READERS OF THIS department will recall a discussion of air currents in reflector tubes, by F. N. Hibbard, of Richmond, Virginia, in the January, 1944 number. The following discussion on this subject is by E. K. White, Chapman Camp, British Columbia, and is printed from The Journal of the Royal Society of Canada, Toronto, Ontario.

"PRESENTED in this article are the results obtained from experiments made with an electric fan forcing a current of air into the metal tube of a Newtonian reflector.

"The telescope is of 9" aperture, and 100" focal length, and is used chiefly for the study of lunar and planetary detail. The tube is of iron, 10" in diameter and 104" long. There are no ventilation holes in the tube, save for a narrow space between the wall of the lower end of the tube and the mirror cell. When not in use the instrument is housed in a roll-off wooden shelter.

"It is well known that many observers are of the opinion that closed metal, and even closed wooden, tubes have a detrimental effect on the seeing, the reason being assigned to the presence of air currents within the tube of a different temperature from that of the outside surrounding air. Possibly the best remedy is an open skeleton-type tube, similar to those of the large reflectors. However, one living in a damp climate, as prevails in most of southern British Columbia, will have severe dewing and frosting conditions to contend with unless the mirror is removed to the house when not in use, and this method is bad for the silver film. The closed tube insures freedom from dewing of the mirror and prevents trouble from stray light; also, it aids in keeping the mirror free of frost crystals in winter.

"The late W. H. Pickering, ('Amateur Telescope Making-Advanced,' pages 610-612), well known lunar and planetary observer, claimed greatly improved seeing with closed tube reflectors by forcing a stream of air through the tube, introducing it by means of a small fan near the mirror's surface, and expelling it out of the open end. Here is movement of air within the tube, but of the same temperature as that outside. In other words, the troublesome warmer or colder air in the tube is displaced by outside air. Of course, the fan must be kept running as long as observations are made.

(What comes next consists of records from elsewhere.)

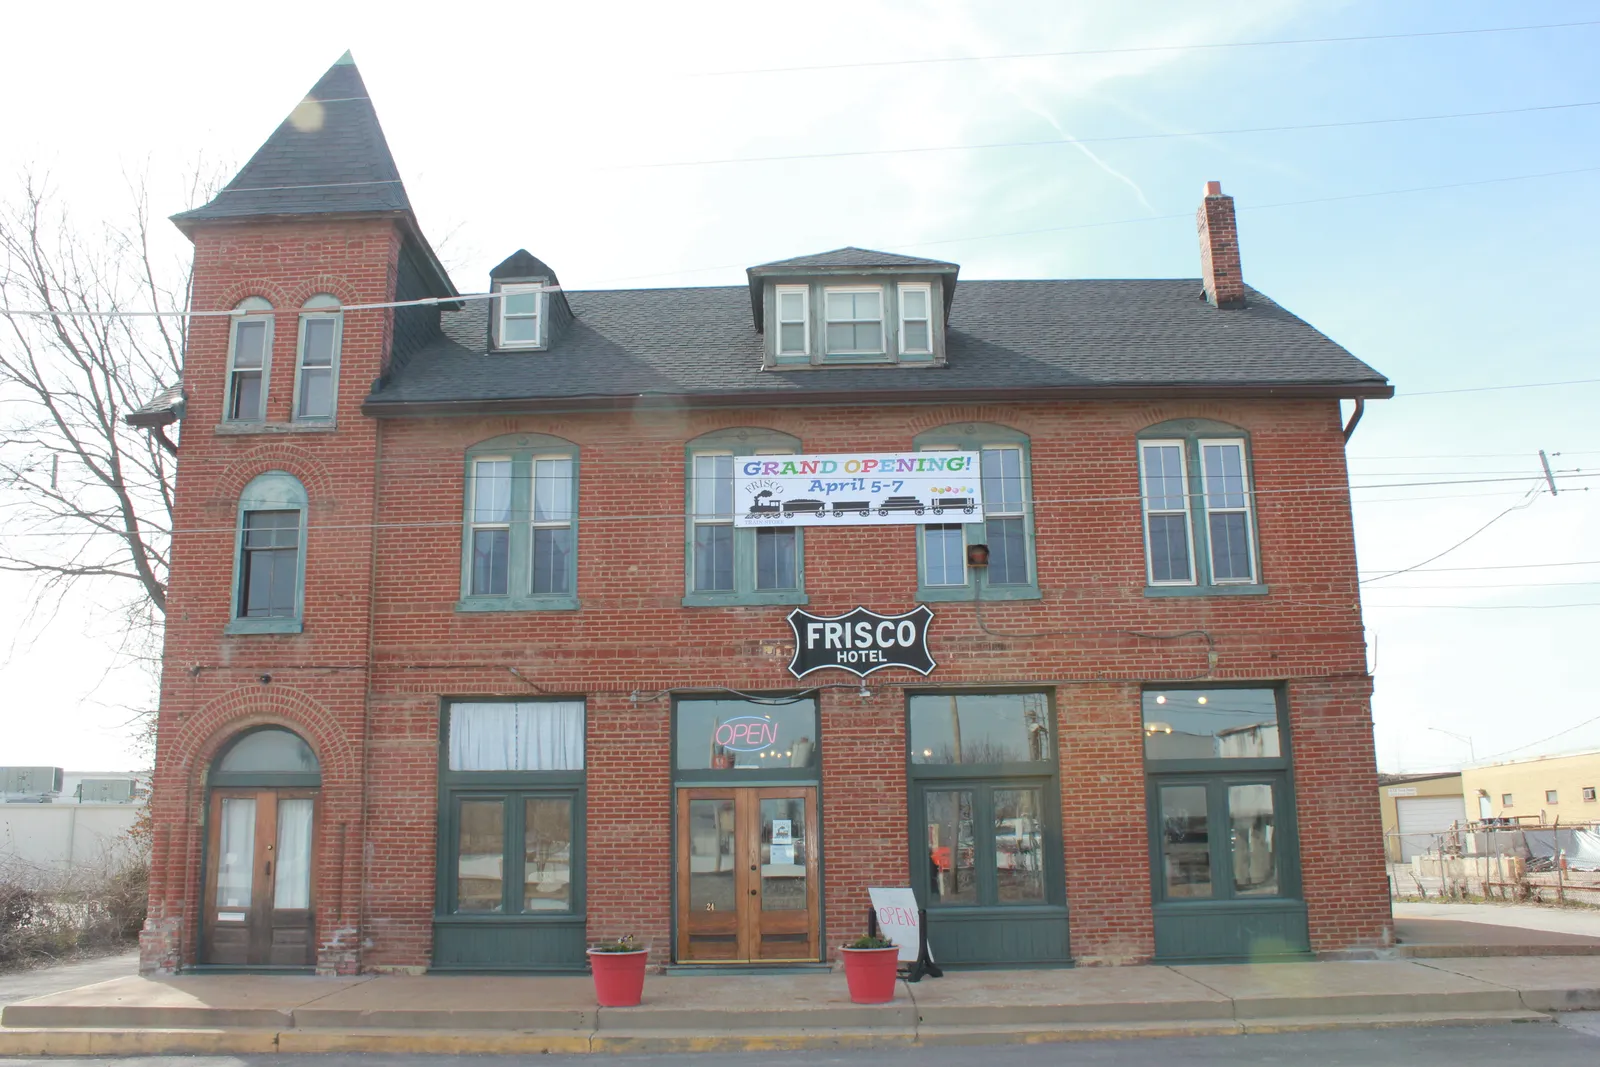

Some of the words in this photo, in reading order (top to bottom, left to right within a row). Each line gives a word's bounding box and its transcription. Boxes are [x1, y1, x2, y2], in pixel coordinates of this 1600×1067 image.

[743, 460, 838, 476] GRAND
[844, 456, 972, 474] OPENING!
[745, 479, 784, 494] FRISCO
[808, 478, 866, 495] April
[871, 480, 904, 493] 5-7
[807, 620, 916, 650] FRISCO
[837, 650, 887, 663] HOTEL
[715, 723, 778, 745] OPEN
[880, 906, 917, 927] OPEN
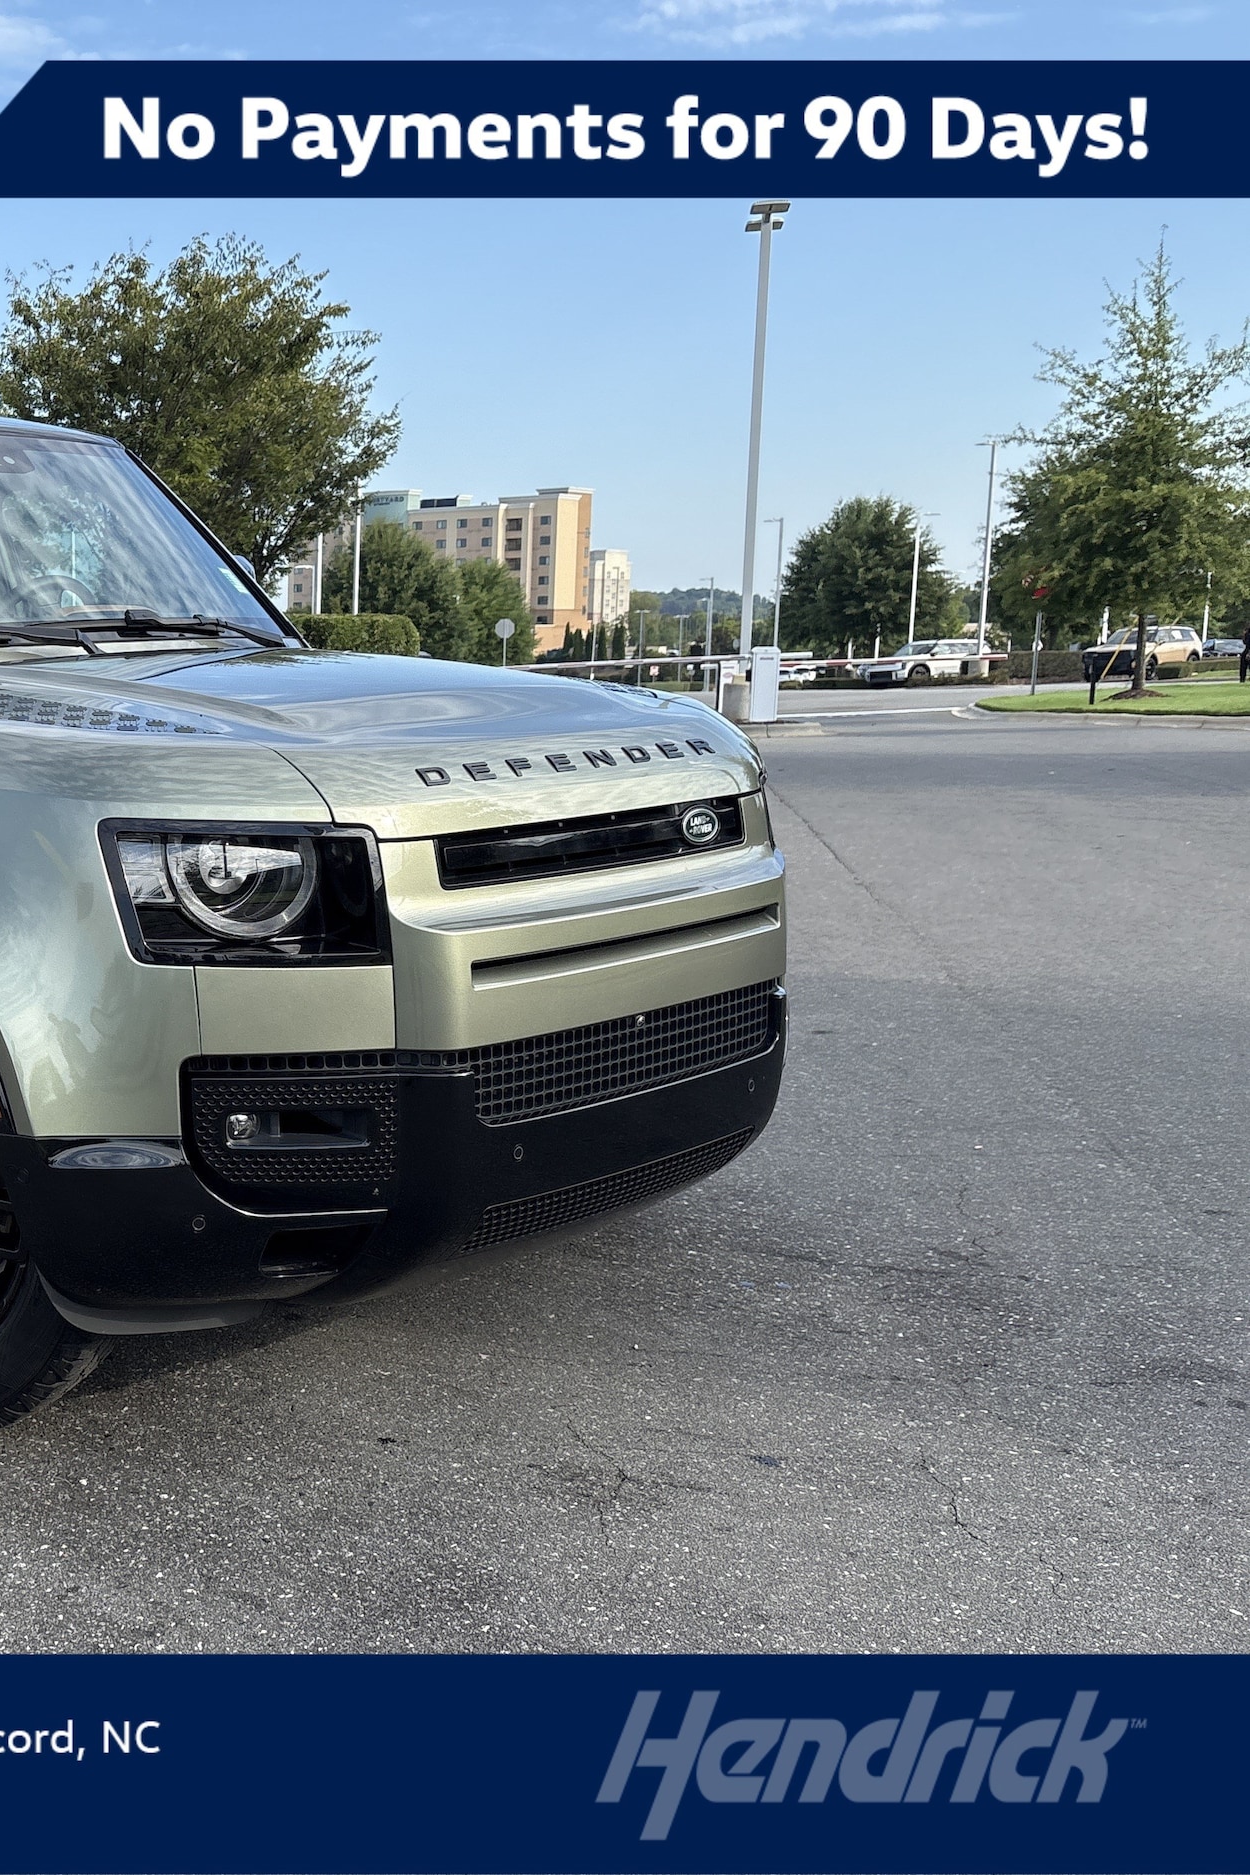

"By way of experiment, a round hole 5" in diameter was cut in the lower wall of the tube, just above the surface the mirror. This is covered by a metal hinged door, having a close-fitting felt gasket. A 5" electric fan was obtained and experiments started.

"At the beginning of observations the extra-focal rings of a bright star, usually Polaris, were noted. Immediately the tube door was opened these rings became much distorted and unsteady. When the fan was started the rings became circular again and steadier, but they always showed a rapid rotation in the direction of the fan blades. With the fan running, the rings were definitely steadier than when the fan was off but the door open.

"The definition of detail on the moon and the planets Saturn and Jupiter was studied, with and without the fan, in all conditions of seeing the skies afforded. It was impossible to note any improvement with the fan on these objects, when the seeing was between 0-4 (scale of seeing objects devised by W. H. Pickering very poor, 10 excellent). However, on a few occasions when seeing was estimated to be from 5-7, a very slight improvement in definition seemed certain when using the fan. The floor of the lunar crater Plato under oblique lighting was used as a test, and on good nights from two to four craterlets could be seen as such. With the fan running, these marks were steadier although no more fine details could be seen than before. No further detail could be seen on the planets mentioned, simply a steadying of the difficult marks seen without the fan. No improvement could be noted in the resolving of close double stars in any condition of seeing, but little time was spent with this particular investigation.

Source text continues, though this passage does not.